An exact transcription of all the entries is needed; pictures stay out.

Provided material
*** Block opens ***
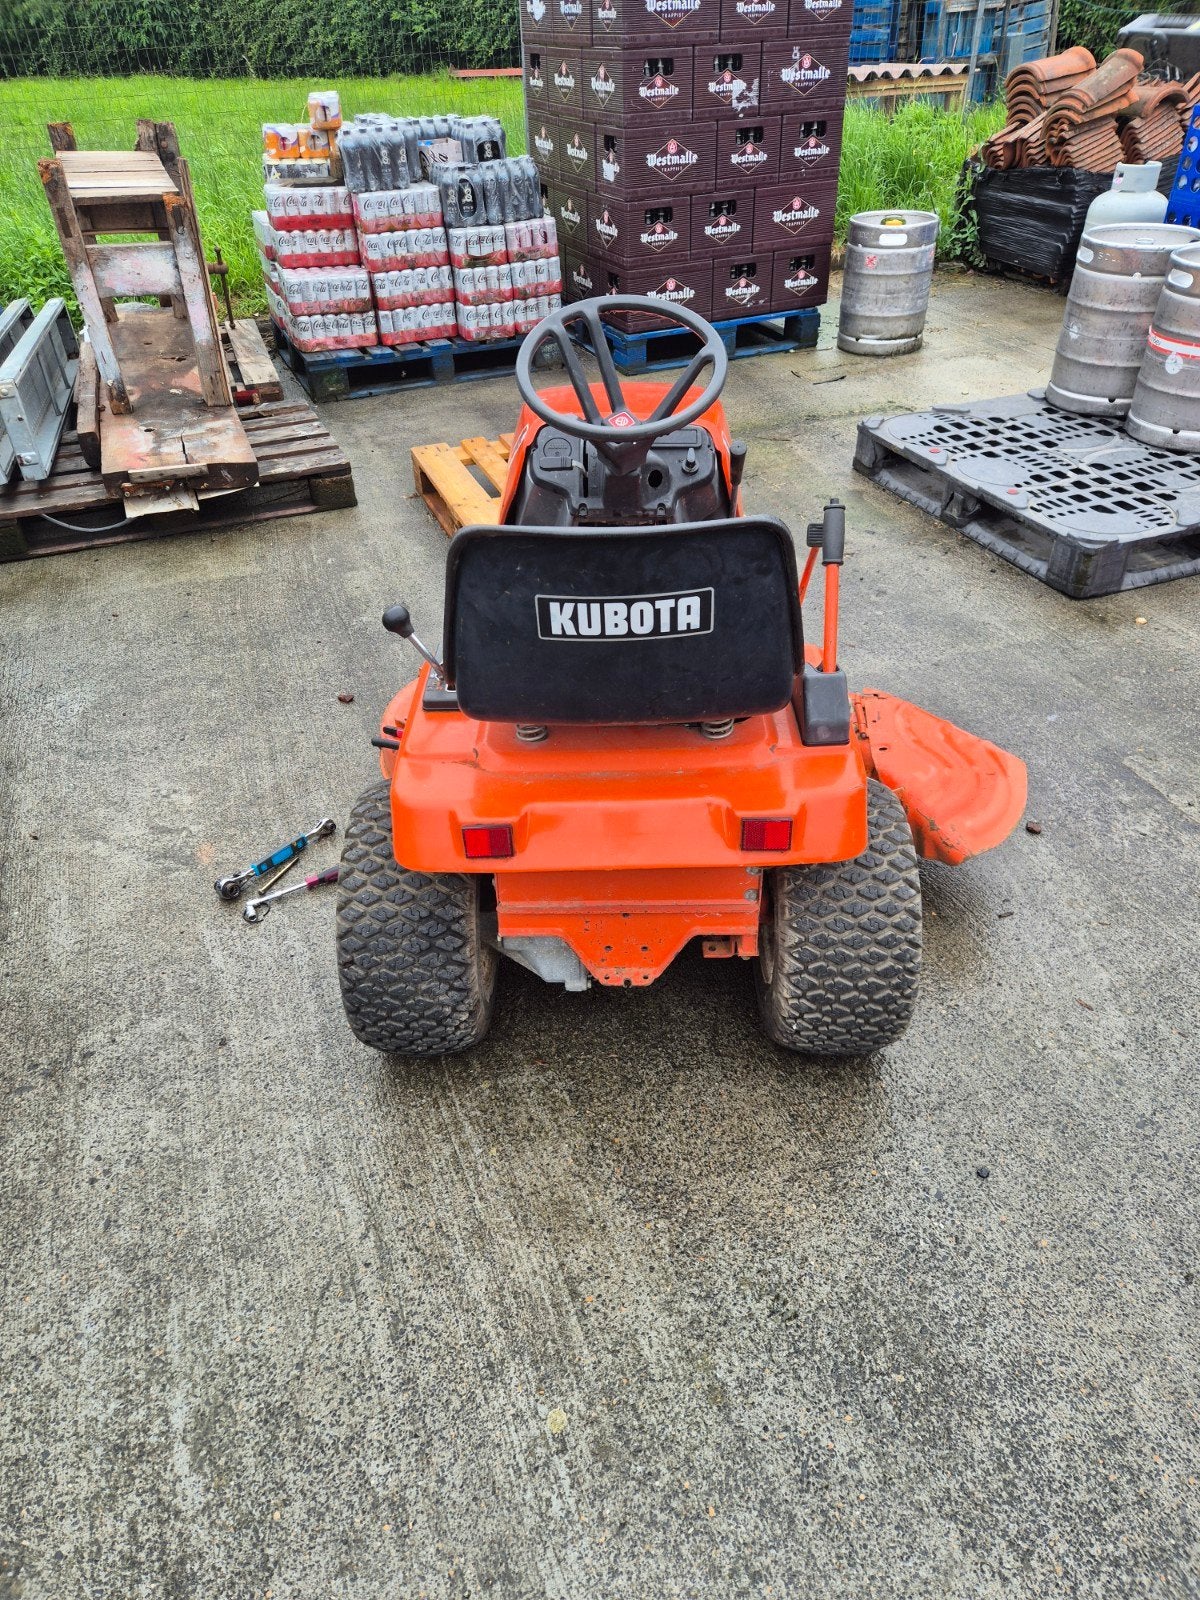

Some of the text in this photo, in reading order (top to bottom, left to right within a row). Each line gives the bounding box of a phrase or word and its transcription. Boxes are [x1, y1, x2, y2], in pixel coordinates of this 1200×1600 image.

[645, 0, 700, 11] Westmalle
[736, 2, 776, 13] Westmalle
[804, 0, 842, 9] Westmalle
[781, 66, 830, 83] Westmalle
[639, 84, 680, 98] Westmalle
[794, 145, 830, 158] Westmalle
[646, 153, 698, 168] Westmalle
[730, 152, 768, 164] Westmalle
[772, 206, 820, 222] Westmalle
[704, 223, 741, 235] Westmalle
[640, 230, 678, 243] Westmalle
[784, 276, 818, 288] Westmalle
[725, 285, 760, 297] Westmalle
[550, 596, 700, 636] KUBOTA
*** Block closes ***
Reply
Some of the text in this photo, in reading order (top to bottom, left to right within a row). Each line gives the bounding box of a phrase or word and its transcription. Boxes are [x1, y1, x2, y2], in pixel coordinates of this 1200×1600 image.

[645, 0, 700, 11] Westmalle
[736, 2, 776, 13] Westmalle
[804, 0, 842, 9] Westmalle
[781, 66, 830, 83] Westmalle
[639, 84, 680, 98] Westmalle
[794, 145, 830, 158] Westmalle
[646, 153, 698, 168] Westmalle
[730, 152, 768, 164] Westmalle
[772, 206, 820, 222] Westmalle
[704, 223, 741, 235] Westmalle
[640, 230, 678, 243] Westmalle
[784, 276, 818, 288] Westmalle
[725, 285, 760, 297] Westmalle
[550, 596, 700, 636] KUBOTA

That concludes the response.